**Provided data**
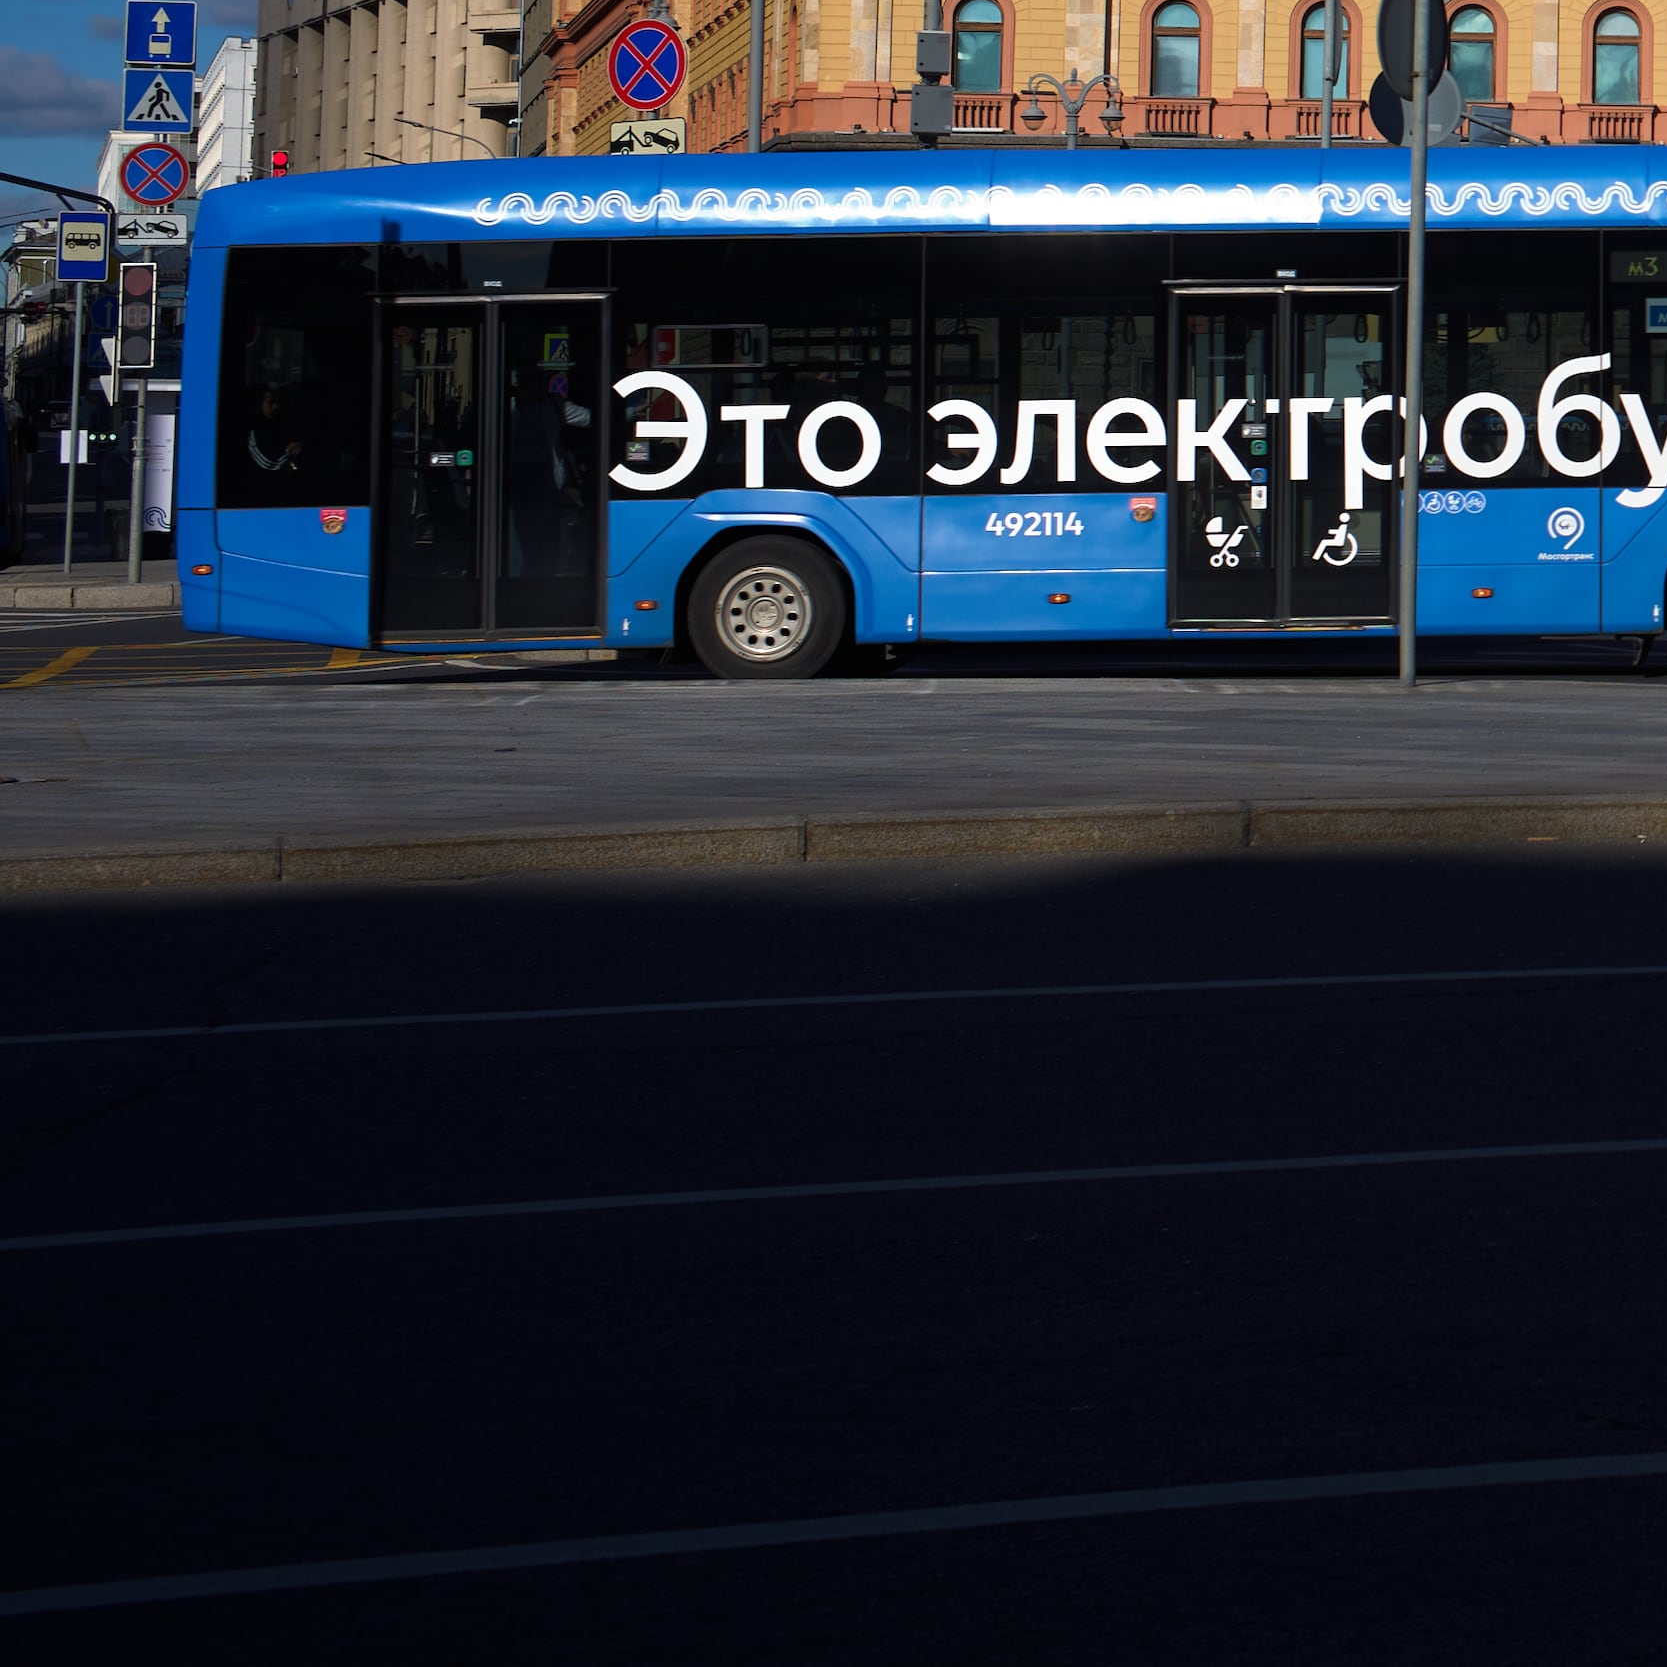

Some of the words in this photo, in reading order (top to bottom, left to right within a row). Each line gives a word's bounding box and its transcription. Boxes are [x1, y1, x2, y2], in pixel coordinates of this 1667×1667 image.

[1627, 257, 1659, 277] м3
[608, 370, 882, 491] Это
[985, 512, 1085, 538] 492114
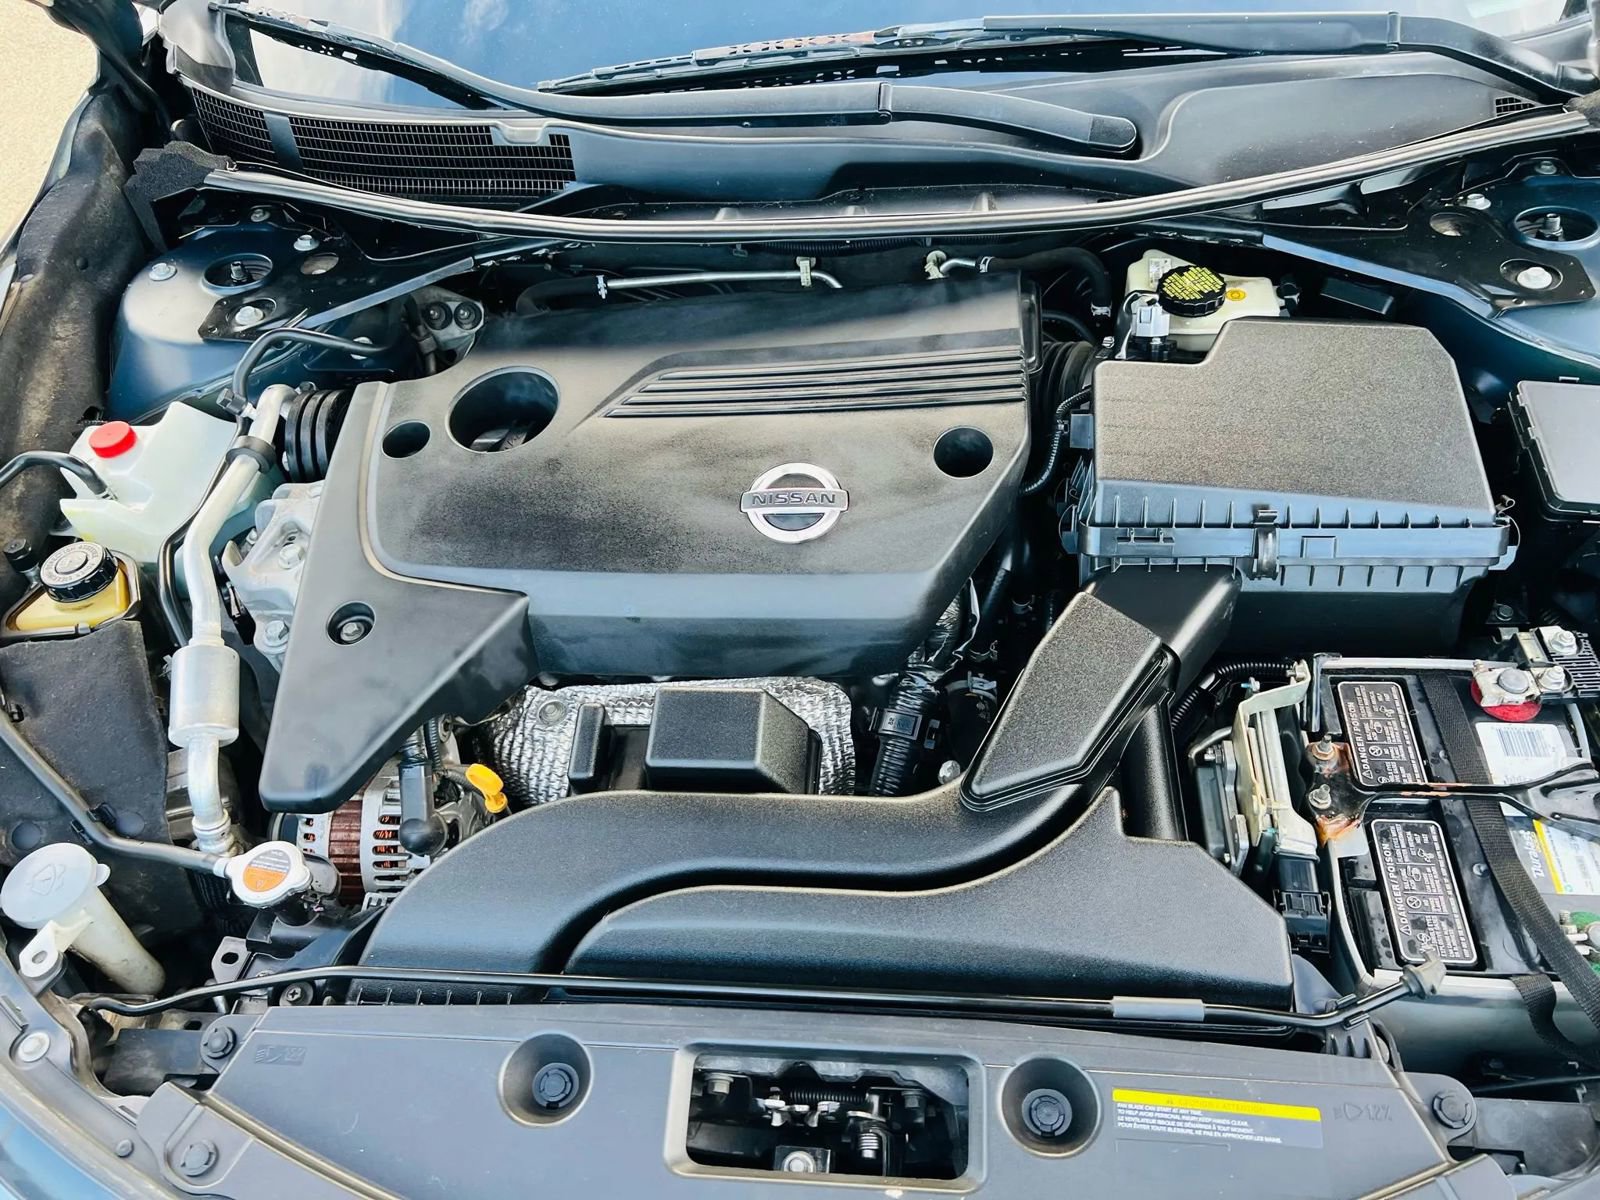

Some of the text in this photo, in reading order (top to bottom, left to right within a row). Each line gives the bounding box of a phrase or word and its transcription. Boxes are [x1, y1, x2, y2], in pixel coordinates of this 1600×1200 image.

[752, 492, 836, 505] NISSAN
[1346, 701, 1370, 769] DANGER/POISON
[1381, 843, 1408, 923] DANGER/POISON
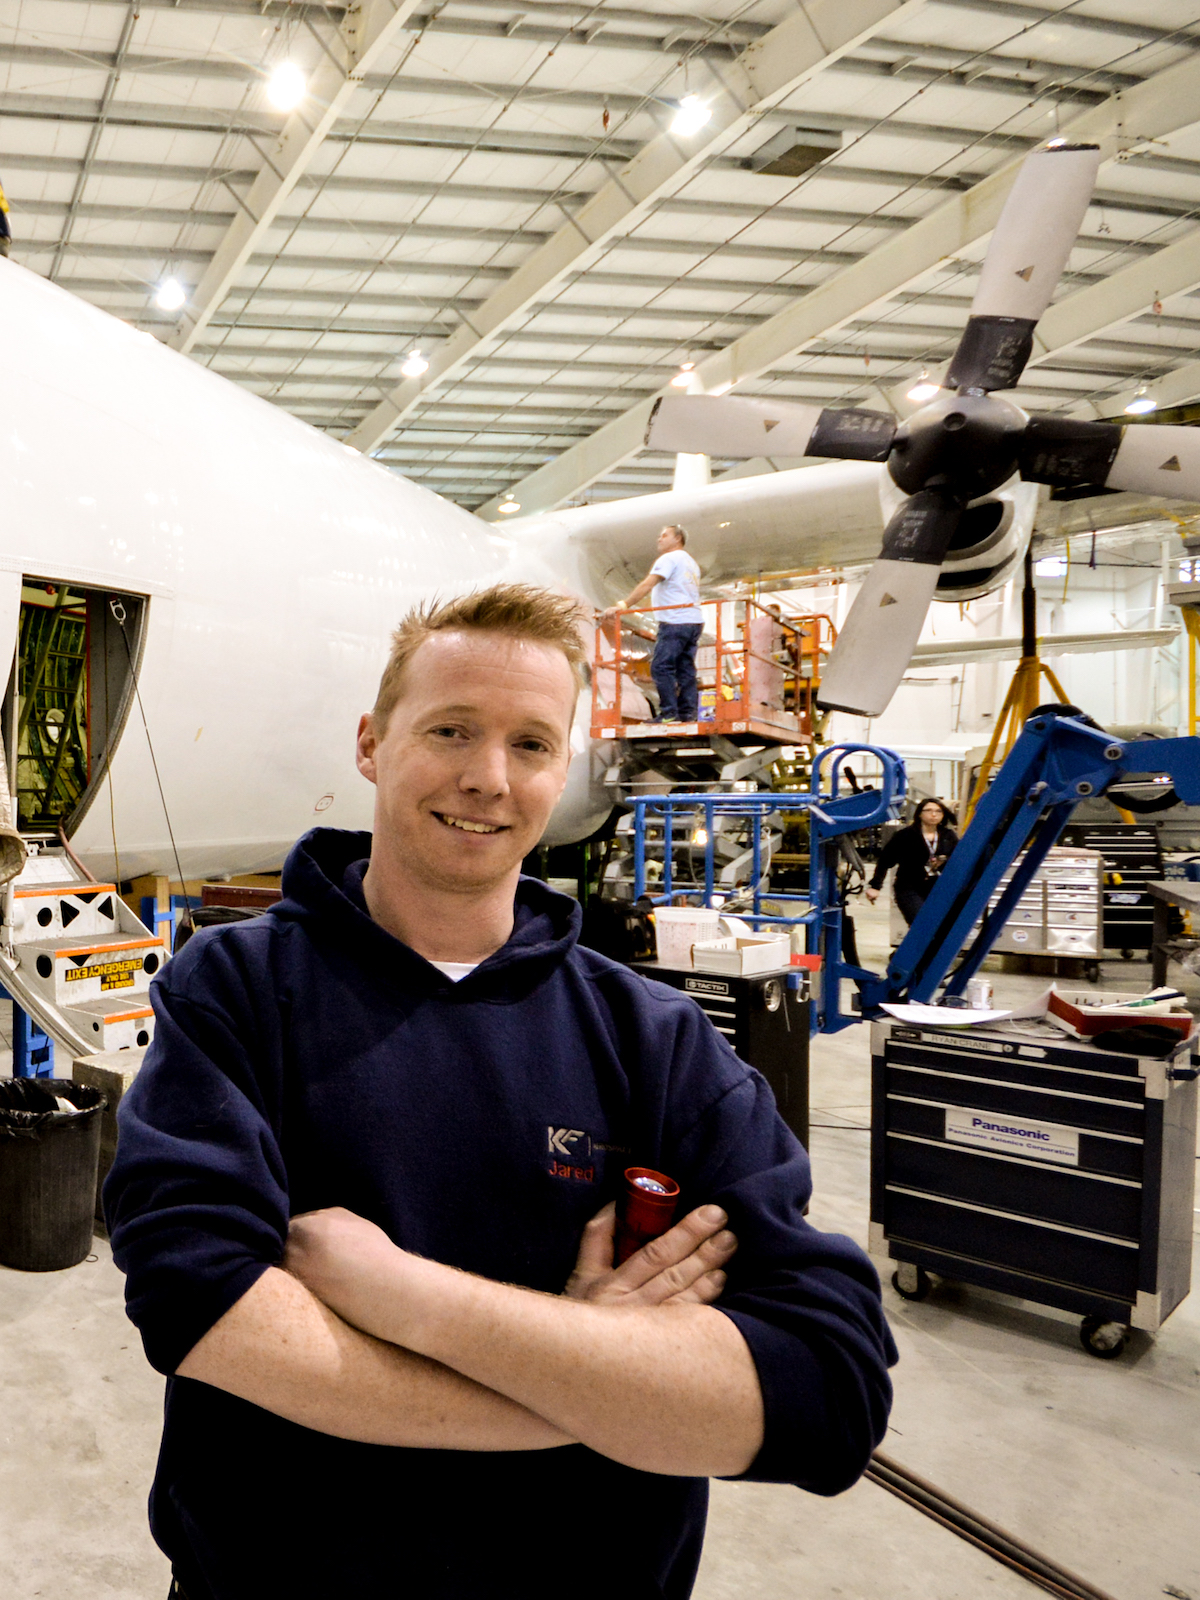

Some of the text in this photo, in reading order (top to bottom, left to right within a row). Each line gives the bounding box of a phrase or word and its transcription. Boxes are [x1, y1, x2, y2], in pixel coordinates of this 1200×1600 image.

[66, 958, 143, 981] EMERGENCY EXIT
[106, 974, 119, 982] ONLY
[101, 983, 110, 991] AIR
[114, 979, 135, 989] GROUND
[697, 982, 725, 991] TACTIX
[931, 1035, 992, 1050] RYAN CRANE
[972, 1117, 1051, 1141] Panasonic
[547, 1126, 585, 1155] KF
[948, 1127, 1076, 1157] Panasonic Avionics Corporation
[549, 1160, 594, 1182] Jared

**Task to complete**
Would you write out all of the records exactly, omitting the pictures?

**Task solution**
Some of the words in this photo, in reading order (top to bottom, left to right within a row). Each line gives a word's bounding box and its transcription. Boxes are [x1, y1, x2, y2], in pixel coordinates of this 1667×1667 image.

[1627, 257, 1659, 277] м3
[608, 370, 882, 491] Это
[985, 512, 1085, 538] 492114

Some of the text in this photo, in reading order (top to bottom, left to right within a row). Each line gives the bounding box of a phrase or word and its transcription. Boxes are [x1, y1, x2, y2], in pixel coordinates of this 1600×1200 image.

[752, 492, 836, 505] NISSAN
[1346, 701, 1370, 769] DANGER/POISON
[1381, 843, 1408, 923] DANGER/POISON

Some of the text in this photo, in reading order (top to bottom, left to right within a row). Each line gives the bounding box of a phrase or word and its transcription. Boxes are [x1, y1, x2, y2], in pixel coordinates of this 1200×1600 image.

[66, 958, 143, 981] EMERGENCY EXIT
[106, 974, 119, 982] ONLY
[101, 983, 110, 991] AIR
[114, 979, 135, 989] GROUND
[697, 982, 725, 991] TACTIX
[931, 1035, 992, 1050] RYAN CRANE
[972, 1117, 1051, 1141] Panasonic
[547, 1126, 585, 1155] KF
[948, 1127, 1076, 1157] Panasonic Avionics Corporation
[549, 1160, 594, 1182] Jared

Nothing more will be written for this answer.